● What this task involves
Below are some lines of data. Return all of them as they are.

+++ Given data

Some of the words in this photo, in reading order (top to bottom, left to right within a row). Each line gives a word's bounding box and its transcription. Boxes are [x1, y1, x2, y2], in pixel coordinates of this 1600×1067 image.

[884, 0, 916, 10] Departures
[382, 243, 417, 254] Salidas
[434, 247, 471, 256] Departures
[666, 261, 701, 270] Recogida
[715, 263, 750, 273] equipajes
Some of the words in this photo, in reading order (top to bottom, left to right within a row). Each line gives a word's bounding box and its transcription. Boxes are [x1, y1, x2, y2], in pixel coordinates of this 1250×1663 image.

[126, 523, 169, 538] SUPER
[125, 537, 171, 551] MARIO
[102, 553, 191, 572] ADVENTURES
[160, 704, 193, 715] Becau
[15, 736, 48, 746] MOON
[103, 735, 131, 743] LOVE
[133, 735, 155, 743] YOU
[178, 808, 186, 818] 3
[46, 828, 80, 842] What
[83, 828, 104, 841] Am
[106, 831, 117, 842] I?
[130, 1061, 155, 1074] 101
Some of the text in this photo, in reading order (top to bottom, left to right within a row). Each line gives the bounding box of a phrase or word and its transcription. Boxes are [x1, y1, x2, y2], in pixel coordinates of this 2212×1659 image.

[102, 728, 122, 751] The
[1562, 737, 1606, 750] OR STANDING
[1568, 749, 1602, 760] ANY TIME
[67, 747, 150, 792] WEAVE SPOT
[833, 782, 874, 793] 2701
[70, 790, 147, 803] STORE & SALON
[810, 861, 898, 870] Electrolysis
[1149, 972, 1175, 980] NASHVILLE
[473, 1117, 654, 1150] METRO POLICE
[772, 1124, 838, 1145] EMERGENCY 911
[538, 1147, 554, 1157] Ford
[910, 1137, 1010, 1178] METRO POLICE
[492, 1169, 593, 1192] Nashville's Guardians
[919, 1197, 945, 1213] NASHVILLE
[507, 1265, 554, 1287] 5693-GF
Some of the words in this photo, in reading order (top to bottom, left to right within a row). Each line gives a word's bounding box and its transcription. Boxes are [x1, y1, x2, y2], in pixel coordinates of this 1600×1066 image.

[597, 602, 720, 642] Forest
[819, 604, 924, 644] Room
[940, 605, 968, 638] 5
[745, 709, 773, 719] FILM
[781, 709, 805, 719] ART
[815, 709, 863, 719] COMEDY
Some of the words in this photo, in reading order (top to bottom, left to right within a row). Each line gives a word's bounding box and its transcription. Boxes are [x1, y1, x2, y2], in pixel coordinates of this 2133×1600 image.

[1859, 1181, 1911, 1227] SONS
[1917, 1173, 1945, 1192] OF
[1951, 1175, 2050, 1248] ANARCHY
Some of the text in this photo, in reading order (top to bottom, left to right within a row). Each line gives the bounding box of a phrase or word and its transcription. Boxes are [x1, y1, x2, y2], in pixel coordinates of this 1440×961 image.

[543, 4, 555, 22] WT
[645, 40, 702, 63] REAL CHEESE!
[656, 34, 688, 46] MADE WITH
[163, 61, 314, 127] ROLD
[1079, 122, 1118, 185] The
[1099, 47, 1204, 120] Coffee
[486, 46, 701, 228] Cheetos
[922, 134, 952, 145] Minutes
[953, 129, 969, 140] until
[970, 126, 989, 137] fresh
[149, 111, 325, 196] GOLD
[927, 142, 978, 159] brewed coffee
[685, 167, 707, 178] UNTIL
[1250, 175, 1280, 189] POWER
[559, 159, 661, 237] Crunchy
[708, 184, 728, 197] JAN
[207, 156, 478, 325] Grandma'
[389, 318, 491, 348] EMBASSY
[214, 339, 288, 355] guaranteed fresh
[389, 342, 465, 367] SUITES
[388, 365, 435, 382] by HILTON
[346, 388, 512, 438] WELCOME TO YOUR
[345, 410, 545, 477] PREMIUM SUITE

++++++

● Written answer
Some of the words in this photo, in reading order (top to bottom, left to right within a row). Each line gives a word's bounding box and its transcription. Boxes are [x1, y1, x2, y2], in pixel coordinates of this 1600×1067 image.

[884, 0, 916, 10] Departures
[382, 243, 417, 254] Salidas
[434, 247, 471, 256] Departures
[666, 261, 701, 270] Recogida
[715, 263, 750, 273] equipajes
Some of the words in this photo, in reading order (top to bottom, left to right within a row). Each line gives a word's bounding box and its transcription. Boxes are [x1, y1, x2, y2], in pixel coordinates of this 1250×1663 image.

[126, 523, 169, 538] SUPER
[125, 537, 171, 551] MARIO
[102, 553, 191, 572] ADVENTURES
[160, 704, 193, 715] Becau
[15, 736, 48, 746] MOON
[103, 735, 131, 743] LOVE
[133, 735, 155, 743] YOU
[178, 808, 186, 818] 3
[46, 828, 80, 842] What
[83, 828, 104, 841] Am
[106, 831, 117, 842] I?
[130, 1061, 155, 1074] 101
Some of the text in this photo, in reading order (top to bottom, left to right within a row). Each line gives the bounding box of a phrase or word and its transcription. Boxes are [x1, y1, x2, y2], in pixel coordinates of this 2212×1659 image.

[102, 728, 122, 751] The
[1562, 737, 1606, 750] OR STANDING
[1568, 749, 1602, 760] ANY TIME
[67, 747, 150, 792] WEAVE SPOT
[833, 782, 874, 793] 2701
[70, 790, 147, 803] STORE & SALON
[810, 861, 898, 870] Electrolysis
[1149, 972, 1175, 980] NASHVILLE
[473, 1117, 654, 1150] METRO POLICE
[772, 1124, 838, 1145] EMERGENCY 911
[538, 1147, 554, 1157] Ford
[910, 1137, 1010, 1178] METRO POLICE
[492, 1169, 593, 1192] Nashville's Guardians
[919, 1197, 945, 1213] NASHVILLE
[507, 1265, 554, 1287] 5693-GF
Some of the words in this photo, in reading order (top to bottom, left to right within a row). Each line gives a word's bounding box and its transcription. Boxes are [x1, y1, x2, y2], in pixel coordinates of this 1600×1066 image.

[597, 602, 720, 642] Forest
[819, 604, 924, 644] Room
[940, 605, 968, 638] 5
[745, 709, 773, 719] FILM
[781, 709, 805, 719] ART
[815, 709, 863, 719] COMEDY
Some of the words in this photo, in reading order (top to bottom, left to right within a row). Each line gives a word's bounding box and its transcription. Boxes are [x1, y1, x2, y2], in pixel coordinates of this 2133×1600 image.

[1859, 1181, 1911, 1227] SONS
[1917, 1173, 1945, 1192] OF
[1951, 1175, 2050, 1248] ANARCHY
Some of the text in this photo, in reading order (top to bottom, left to right within a row). Each line gives the bounding box of a phrase or word and its transcription. Boxes are [x1, y1, x2, y2], in pixel coordinates of this 1440×961 image.

[543, 4, 555, 22] WT
[645, 40, 702, 63] REAL CHEESE!
[656, 34, 688, 46] MADE WITH
[163, 61, 314, 127] ROLD
[1079, 122, 1118, 185] The
[1099, 47, 1204, 120] Coffee
[486, 46, 701, 228] Cheetos
[922, 134, 952, 145] Minutes
[953, 129, 969, 140] until
[970, 126, 989, 137] fresh
[149, 111, 325, 196] GOLD
[927, 142, 978, 159] brewed coffee
[685, 167, 707, 178] UNTIL
[1250, 175, 1280, 189] POWER
[559, 159, 661, 237] Crunchy
[708, 184, 728, 197] JAN
[207, 156, 478, 325] Grandma'
[389, 318, 491, 348] EMBASSY
[214, 339, 288, 355] guaranteed fresh
[389, 342, 465, 367] SUITES
[388, 365, 435, 382] by HILTON
[346, 388, 512, 438] WELCOME TO YOUR
[345, 410, 545, 477] PREMIUM SUITE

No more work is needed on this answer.